Medical Radiation Scientists (MRS) (also referred to as Radiologic Technologists) are healthcare professionals who perform complex diagnostic imaging studies on patients or plan and administer radiation treatments to cancer patients. Medical radiation scientists include diagnostic radiographers, nuclear medicine radiographers, magnetic resonance radiographers, medical/cardiac sonographers, and radiation therapists. Most medical radiation scientists work in imaging clinics and hospitals' imaging departments with the exception of Radiation Therapists, who work in specialised cancer centers and clinics.

==Educational requirements==
A Medical Radiation Scientist must graduate from an accredited Bachelor of Medical Radiation Science or Bachelor of Applied Science in Medical Radiation Science program in order to register and practise in Australia. Even though there are bachelor's programs in Medical and Cardiac ultrasound but these are often offered at the graduate level as a certificate, postgraduate diploma, or master's degree for the Bachelor of Medical Radiation Science graduates.

Graduates from the medical radiation sciences possess a good understanding of nuclear physics, quantum physics, radiation physics, wave physics, medical terminologies, pathology, oncology, radiobiology, mathematics, anatomy and physiology, and are highly skilled in the operation of complex electronic equipments, computers, and precision instruments which often cost millions of dollars.
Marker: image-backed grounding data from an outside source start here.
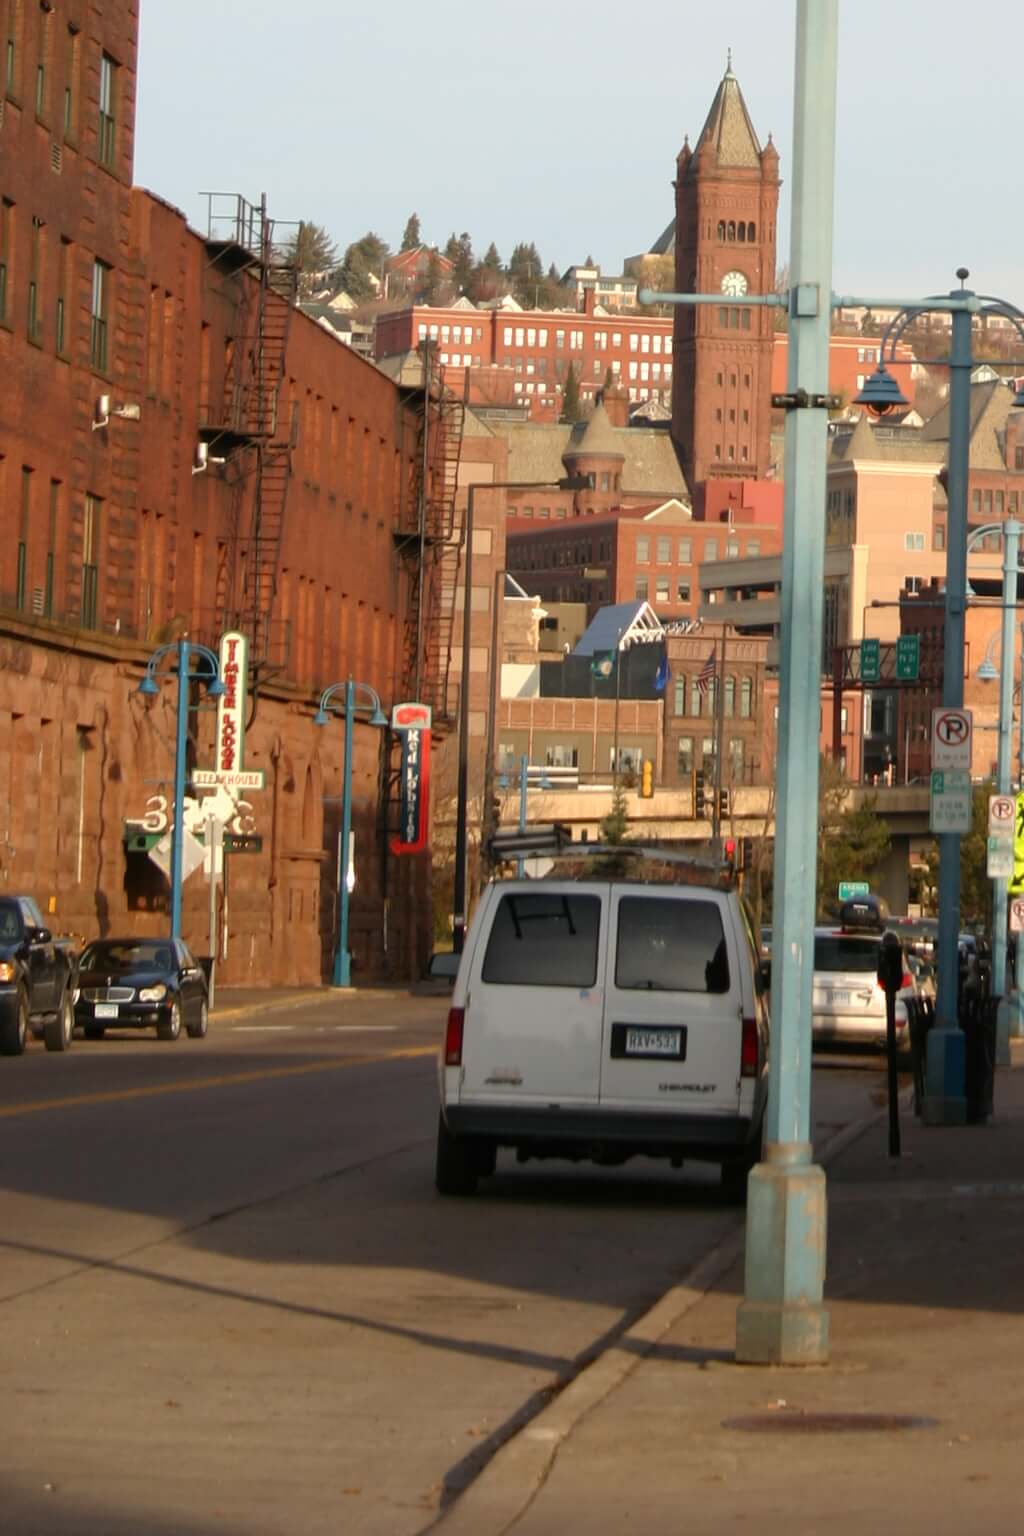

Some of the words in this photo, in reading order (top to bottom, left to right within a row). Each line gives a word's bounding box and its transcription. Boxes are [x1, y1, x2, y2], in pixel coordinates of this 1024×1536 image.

[221, 639, 240, 709] TIMBER
[220, 714, 236, 770] LODGE
[407, 728, 420, 764] Red
[196, 772, 261, 786] STEAKHOUSE
[406, 767, 420, 843] Lobster
===Diagnostic radiographers===
Radiographers produce diagnostic images with various types of radiation, including x-rays, whilst ensuring the patient is safely exposed to radiation.

===Nuclear medicine radiographers===
Nuclear Medicine Radiographers use gamma rays produced from short-lived radioisotopes that emit radioactive tracers to investigate trauma and disease such as cancer, heart disease and brain disorders.

===Magnetic resonance radiographers===
Magnetic resonance radiographers produce diagnostic images with magnetic resonance imagers.

===Ultrasonographers===
Ultrasonographers (medical and cardiac) produce diagnostic images through the use of ultrasound units.

===Radiation therapist===
Radiation therapists plan and administer optimal treatments to cancer patients.